[Opening Information given section]

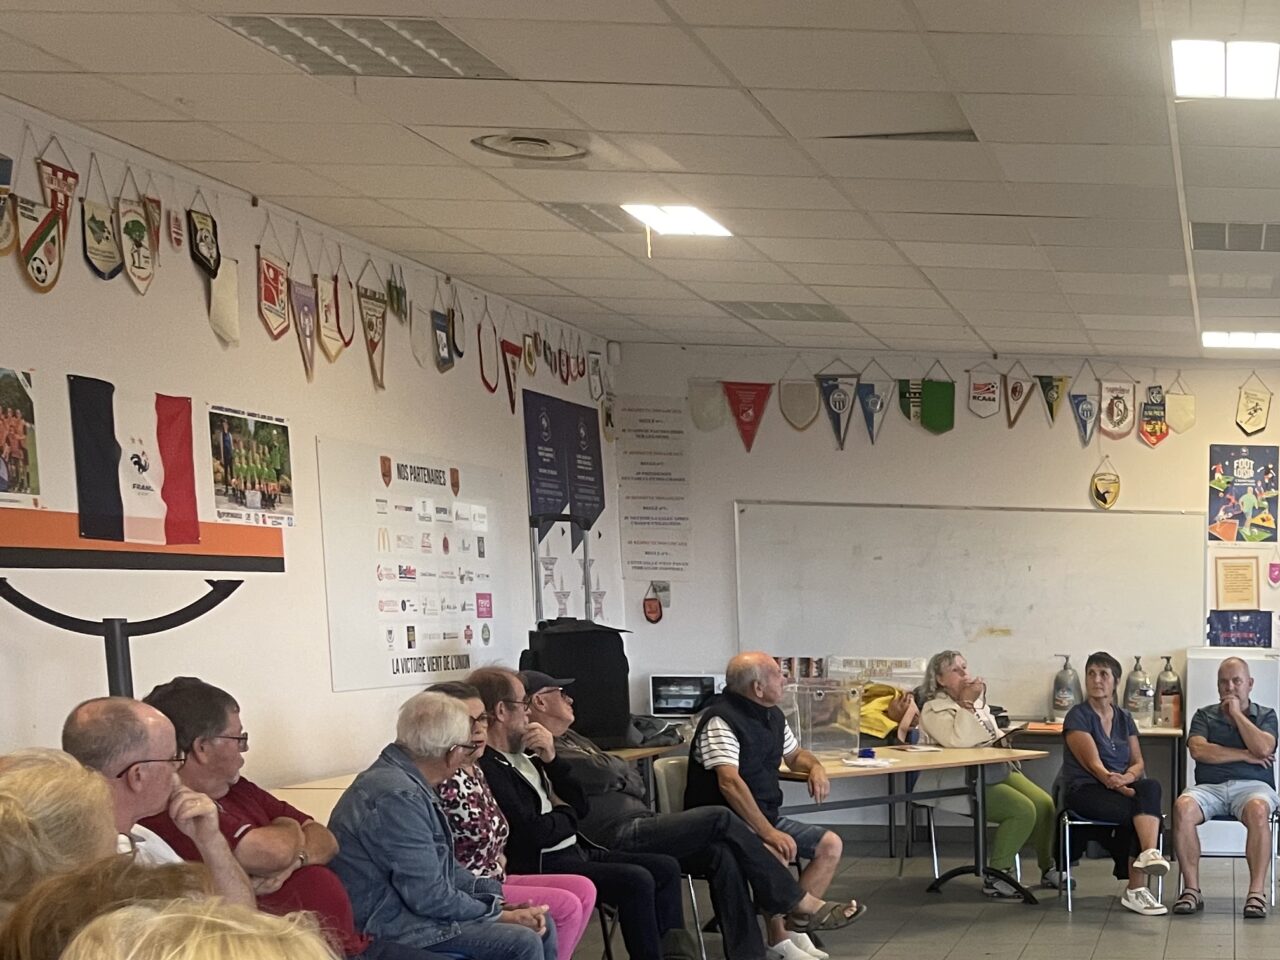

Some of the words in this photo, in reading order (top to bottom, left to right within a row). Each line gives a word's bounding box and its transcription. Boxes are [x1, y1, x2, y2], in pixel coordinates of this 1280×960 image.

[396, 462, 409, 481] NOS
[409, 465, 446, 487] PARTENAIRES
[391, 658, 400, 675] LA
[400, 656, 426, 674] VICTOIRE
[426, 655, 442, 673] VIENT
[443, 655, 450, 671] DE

[Closing Information given section]

» Problem requirements
Every record above must be copied exactly; none of the pictures belong in the copy.

» Exercise solution
Some of the words in this photo, in reading order (top to bottom, left to right within a row). Each line gives a word's bounding box and its transcription. Boxes are [x1, y1, x2, y2], in pixel coordinates of this 1280×960 image.

[396, 462, 409, 481] NOS
[409, 465, 446, 487] PARTENAIRES
[391, 658, 400, 675] LA
[400, 656, 426, 674] VICTOIRE
[426, 655, 442, 673] VIENT
[443, 655, 450, 671] DE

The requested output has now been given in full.